Heredogram and Brain Imaging of Patients with SCA45

(A) Heredogram discloses many family members affected, suggesting an autosomal dominant inheritance. Sagittal (B) and axial (C) T1-weighted brain MRI of patient 1 with SCA45 shows mild cerebellar atrophy (arrows). Sagittal (D) and axial (E) T1-weighted brain MRI of patient 2 with SCA45 also discloses mild cerebellar atrophy (arrows).

Patient 1 and 2 with severe ataxia related to SCA45. Both are dependent on a wheelchair, and present with marked dysmetria.Download Supplementary Video 1 via http://dx.doi.org/10.1212/000581_Video_1

Patient 2

The sister of patient 1, 79 years old, presented with a 6-year history of progressive cerebellar ataxia. She also suffered of mild dysarthria, slurred speech, and dysphagia. Neurologic examination showed global ataxia (video 1). Cognition and ocular movements were normal, as well as deep tendon reflexes. Brain MRI showed mild cerebellar atrophy (figure, D and E). WES identified the same c.10906T>G, p.Tyr3636Asp variant in FAT2.

Discussion

SCA45 (MIM #617769) related to the FAT2 gene variants is an unusual conventional SCA type.[2] SCA45 was reported in 2017 in a WES-based study that reported 2 different missense variants c.10758G>C, p.Lys3586Asn and c.10946G>A, p.Arg3649Glu affecting highly conserved amino acids in the last cadherin repeat and linker region between the cadherin repeat and the laminin A-G of FAT2. The first variant was identified in a patient who presented with pure cerebellar ataxia, downbeat nystagmus, dysarthria, a positive family history, and disease onset after the age of 40 years. The second case also had slowly progressive ataxia and a disease onset after the age of 50 years, but no family history.[2] Moreover, a recent study including patients with CANVAS phenotype and negative for the RFC1 repeat-expansion disclosed one subject with the heterozygous c.4370T>C, p.Val1457Ala variant affecting the 13th cadherin domain of FAT2.[3]

The p.Tyr3636Asp variant described in our report is novel and absent in control databases (gnomAD, ABraOM) and literature. Although this may seem a variant of unknown significance, there are some relevant points to be considered: (1) the variant is located close to the previously reported p.Lys3586Asn variant in a well-established functional domain, (2) cosegregates with disease, and (3) the phenotype is highly similar to cases described in previous studies of SCA45—we considered this variant likely pathogenic and the cause of the ataxia.

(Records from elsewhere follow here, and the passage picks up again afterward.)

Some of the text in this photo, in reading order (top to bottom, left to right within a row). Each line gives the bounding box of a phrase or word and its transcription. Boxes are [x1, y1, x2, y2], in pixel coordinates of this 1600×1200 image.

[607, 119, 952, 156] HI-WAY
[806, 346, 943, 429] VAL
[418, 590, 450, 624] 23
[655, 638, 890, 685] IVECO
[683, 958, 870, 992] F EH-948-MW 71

FAT2, previously named MEGF1, belongs to the family of human FAT genes.[4] AT2 is a large transmembrane adhesion molecule specifically expressed in the cerebellar granule cells, playing an important role in postnatal cerebellum development.[5] FAT genes are the human homologous of Drosophila fat.[6] Recently, the depletion of fat in Drosophila was reported to cause neurodegeneration of the fly eye, very likely to deficits in autophagy.[7] The question remains whether FAT2 in humans is also implicated in autophagy and thereby mediates neuronal homeostasis in the cerebellum needs to be established.

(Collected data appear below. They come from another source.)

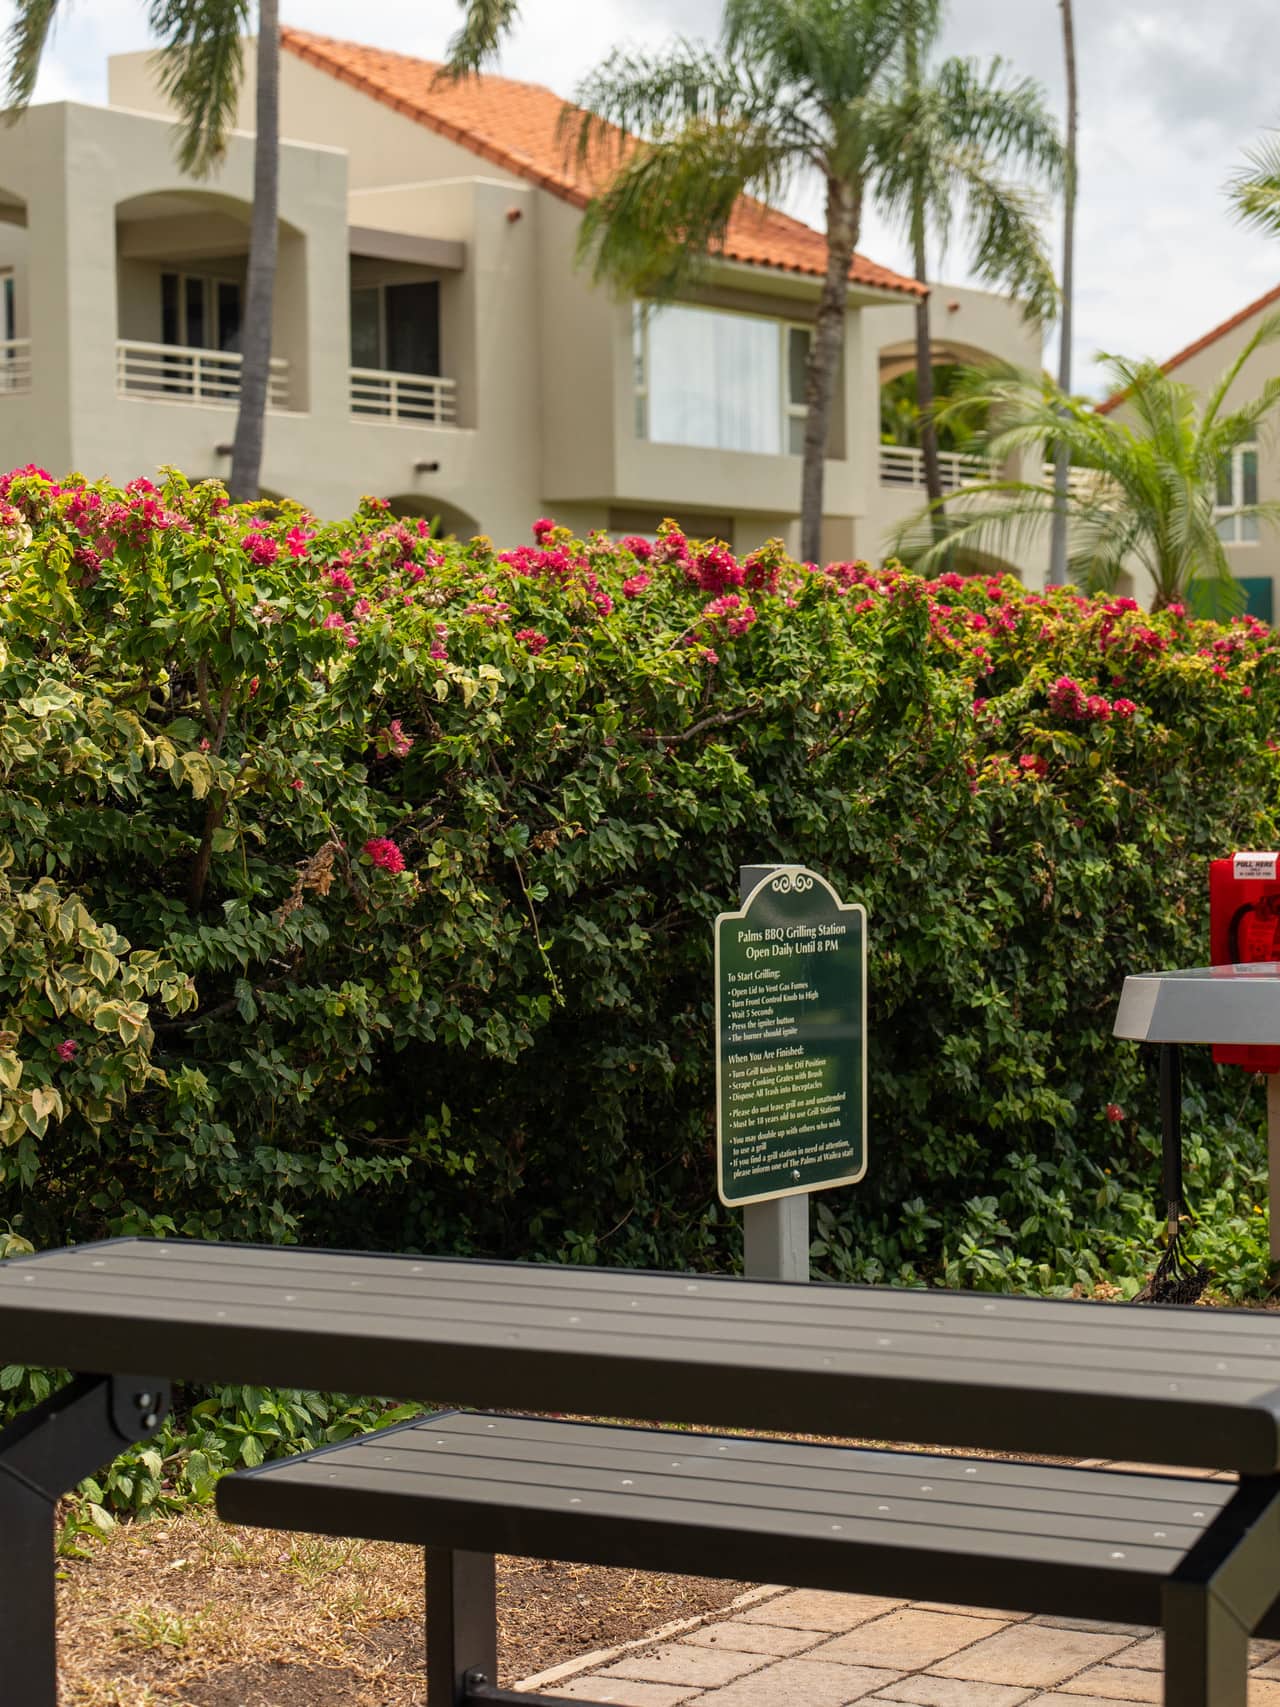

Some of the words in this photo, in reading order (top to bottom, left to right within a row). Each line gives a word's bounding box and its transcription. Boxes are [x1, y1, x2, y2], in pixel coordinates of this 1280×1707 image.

[738, 930, 762, 943] Palms
[765, 928, 784, 941] BBQ
[787, 925, 816, 939] Grilling
[819, 923, 846, 936] Station
[746, 946, 769, 960] Open
[772, 943, 794, 957] Daily
[796, 941, 815, 953] Until
[817, 941, 823, 951] 8
[825, 940, 838, 951] PM
[728, 973, 736, 982] To
[738, 972, 753, 981] Start
[732, 988, 747, 997] Open
[749, 986, 758, 994] Lid
[779, 983, 790, 991] Gas
[791, 982, 808, 990] Fumes
[732, 1000, 745, 1008] Turn
[746, 998, 760, 1006] Front
[761, 994, 782, 1004] Control
[783, 993, 798, 1001] Knob
[806, 991, 819, 1000] High
[731, 1011, 745, 1019] Wait
[751, 1007, 774, 1016] Seconds
[747, 1020, 757, 1028] the
[732, 1034, 742, 1042] The
[744, 1032, 762, 1040] burner
[763, 1027, 781, 1038] should
[728, 1054, 748, 1064] When
[749, 1053, 762, 1061] You
[763, 1050, 775, 1059] Are
[776, 1045, 805, 1058] Finished:
[746, 1067, 759, 1075] Grill
[760, 1065, 777, 1074] Knobs
[785, 1062, 794, 1070] the
[795, 1060, 805, 1068] Off
[805, 1058, 826, 1067] Position
[732, 1081, 751, 1090] Scrape
[752, 1077, 775, 1086] Cooking
[776, 1075, 794, 1083] Grates
[808, 1070, 823, 1078] Brush
[733, 1093, 755, 1102] Dispose
[756, 1089, 764, 1097] All
[765, 1087, 779, 1096] Trash
[780, 1085, 791, 1093] into
[792, 1081, 823, 1091] Receptacles
[733, 1108, 750, 1117] Please
[751, 1106, 759, 1114] do
[786, 1099, 796, 1110] grill
[806, 1096, 816, 1105] and
[817, 1092, 846, 1104] unattended
[748, 1118, 755, 1126] be
[757, 1117, 763, 1125] 18
[765, 1115, 779, 1125] years
[780, 1112, 789, 1121] old
[807, 1107, 819, 1116] Grill
[820, 1106, 840, 1114] Stations
[733, 1136, 744, 1145] You
[745, 1135, 757, 1144] may
[758, 1131, 777, 1140] double
[778, 1130, 785, 1138] up
[786, 1126, 798, 1135] with
[799, 1124, 815, 1133] others
[829, 1118, 840, 1127] wish
[733, 1159, 739, 1167] If
[739, 1158, 750, 1167] you
[751, 1155, 762, 1164] find
[767, 1151, 778, 1162] grill
[779, 1147, 797, 1158] station
[798, 1147, 804, 1155] in
[805, 1144, 818, 1154] need
[819, 1142, 825, 1151] of
[825, 1140, 850, 1149] attention,
[756, 1142, 767, 1153] grill
[733, 1169, 751, 1180] please
[752, 1164, 771, 1174] inform
[782, 1160, 789, 1168] of
[790, 1158, 800, 1167] The
[801, 1156, 817, 1164] Palms
[842, 1147, 854, 1157] staff

So far, only one family with a few affected members and one sporadic case carrying likely pathogenic FAT2 variants have been described. All cases presented with a slowly progressive late-onset ataxia.[2,3] Therefore, additional cases with likely pathogenic variants presenting with late-onset ataxia and future functional studies on how variants in FAT2 cause late-onset ataxia will further add to link between FAT2 and SCA45. In conclusion, SCA45 seems characterized by a very late-onset cerebellar ataxia and cases presenting with such features without repeat expansions in the most common SCAs should be screened for variants in FAT2 using WES.